3 December 2014
New Zealand might claim a place in the record books of extreme weather, thanks to a recently rediscovered, 111-year-old reading from Central Otago.
The World Meteorological Organisation (WMO) is considering a report of a -25.6C temperature at Ranfurly on July 17, 1903, which if accepted would become the coldest ever recorded temperature for the Oceania region.
Gregor Macara, a climate scientist at the National Institute of Water and Atmosphere, submitted the reading following a lengthy investigation which included hunting through the newspaper archives of the Otago Daily Times, Southland Times, Tuapeka Times and the Mt Ida Chronicle.
“It wasn’t the kind of scientific research I am used to, but I was trying to find out what the weather conditions were in the lead up to this coldest temperature observation,” he said.
“Temperatures like this don’t occur in isolation in New Zealand, you need a specific sequence of weather events.” Mr Macara looked at July news articles and discovered there was a massive snow storm throughout the South Island on July 10, 1903.
In the days immediately following, the skies cleared under a high pressure system and enabled the temperatures to drop drastically.

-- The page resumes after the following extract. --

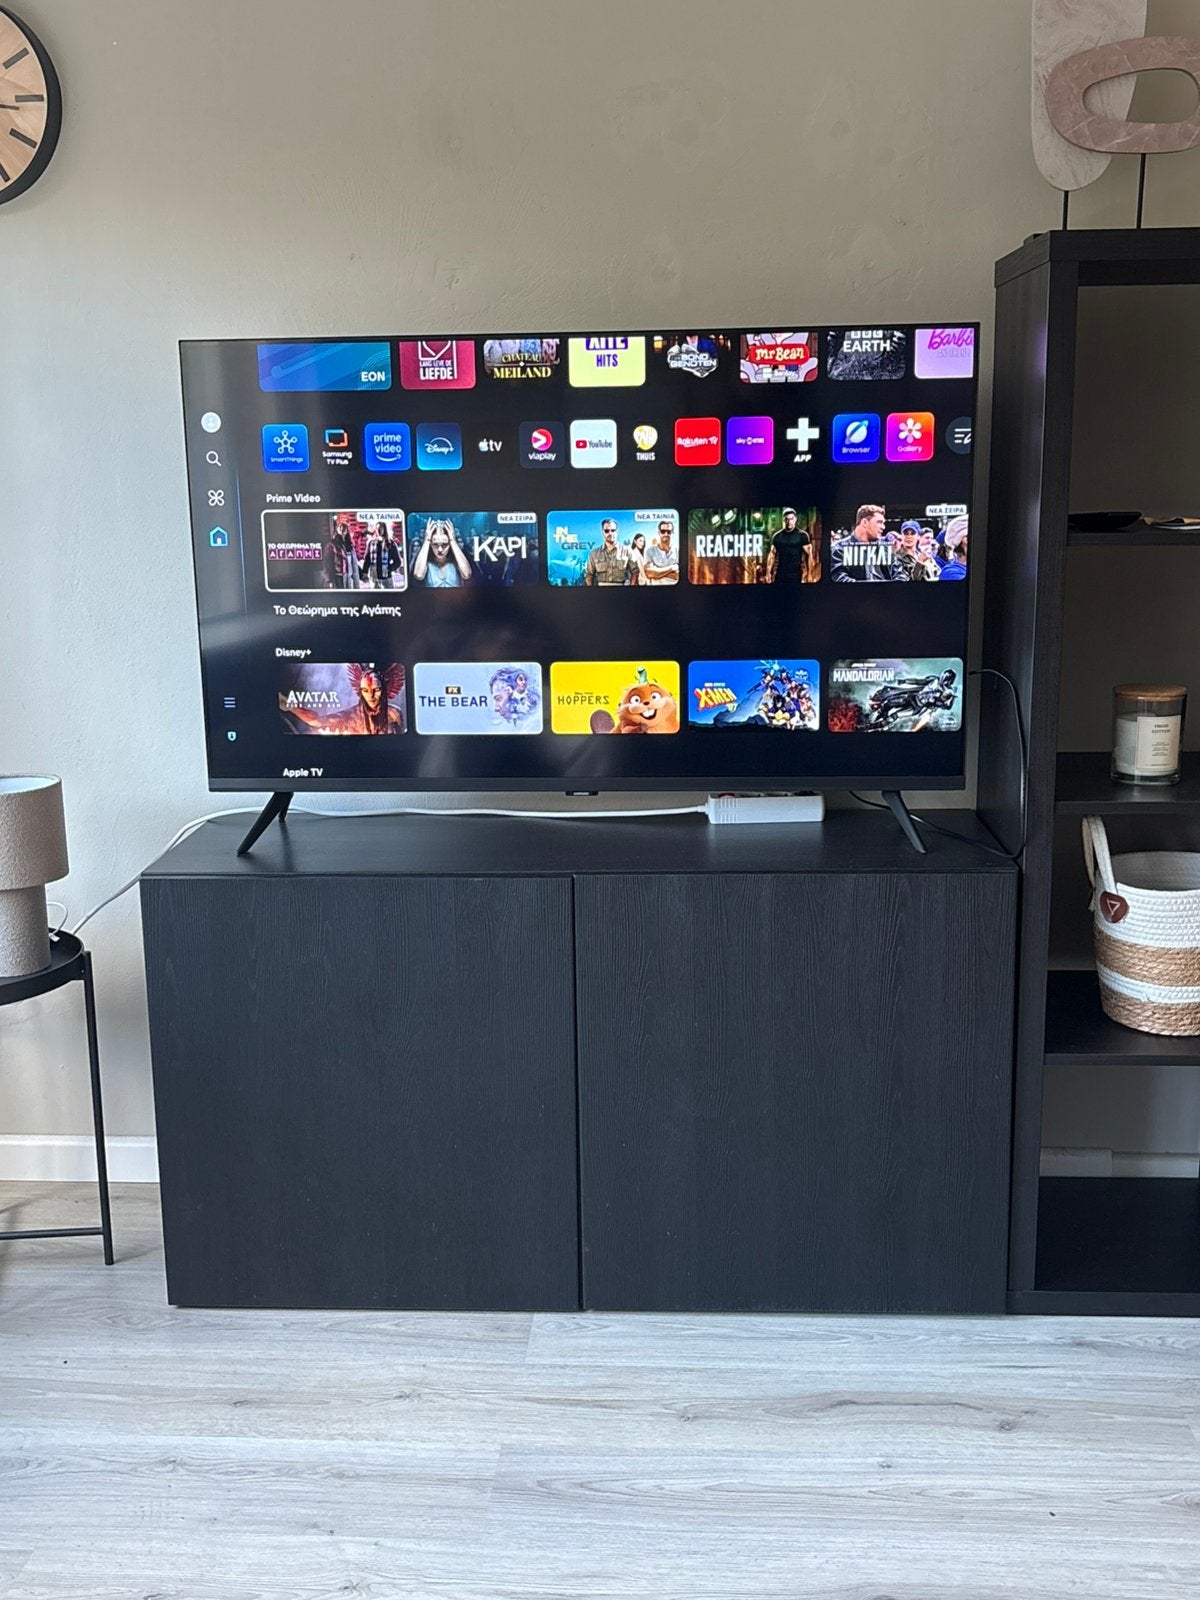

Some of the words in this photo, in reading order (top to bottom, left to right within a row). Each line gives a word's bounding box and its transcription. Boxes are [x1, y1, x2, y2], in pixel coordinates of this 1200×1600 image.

A report in the Otago Daily Times on July 18, 1903, said the 2.10pm train from Dunedin to Ida Valley could not get beyond Middlemarch, as on arrival at the latter station it was found that no water could be got for the engine, the water in the tanks having been frozen into one solid mass.

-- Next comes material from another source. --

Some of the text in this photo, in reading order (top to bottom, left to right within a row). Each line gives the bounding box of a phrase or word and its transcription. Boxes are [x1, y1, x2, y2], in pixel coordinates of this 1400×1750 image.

Three days later, on July 21 the newspaper reported beef and mutton was frozen and could only be cut with “a saw or chopper, a knife being of no use”. Turnips, potatoes and milk were also frozen, and the ink in the post office was in a similar state, the paper reported.

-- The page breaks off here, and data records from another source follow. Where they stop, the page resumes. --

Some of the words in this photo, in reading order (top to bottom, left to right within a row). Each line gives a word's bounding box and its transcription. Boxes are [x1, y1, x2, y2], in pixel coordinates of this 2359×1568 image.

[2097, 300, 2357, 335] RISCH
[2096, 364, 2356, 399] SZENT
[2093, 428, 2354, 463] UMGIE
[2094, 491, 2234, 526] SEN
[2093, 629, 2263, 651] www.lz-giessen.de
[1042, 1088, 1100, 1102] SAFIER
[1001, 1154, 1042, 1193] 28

The -25.6?C temperature was recorded at Eweburn Nursery, where a plantation of pine trees had been established, on a form headed “Meteorological Return”.
Unfortunately, there was a lack of station information, especially when it came to the instruments used and observation procedures employed, Mr Macara said.
“We can’t be 100 per cent certain of the instruments accuracy given there’s no indication they were verified at the time, but on the balance of evidence there’s no real reason to doubt it did get so cold.” The WMO keeps an official, unbiased list of world weather extremes and has a set of procedures to verify and certify records.
It is expected to release its decision on the Ranfurly temperature early in the New Year.
In the meantime, Mr Macara is now working on second report for the WMO, on New Zealand’s highest temperature of 42.4C recorded at Rangiora on February 7, 1973.
The WMO presently lists 42.2C recorded at Tuguegarao, Philippines, on 29 April, 1912 as the highest ever recorded Oceania temperature.
Mr Macara said the temperature investigations had been very interesting.
“It is important to maintain reliable records of weather and climate extremes as they can be used as indicators of climate variability and change.”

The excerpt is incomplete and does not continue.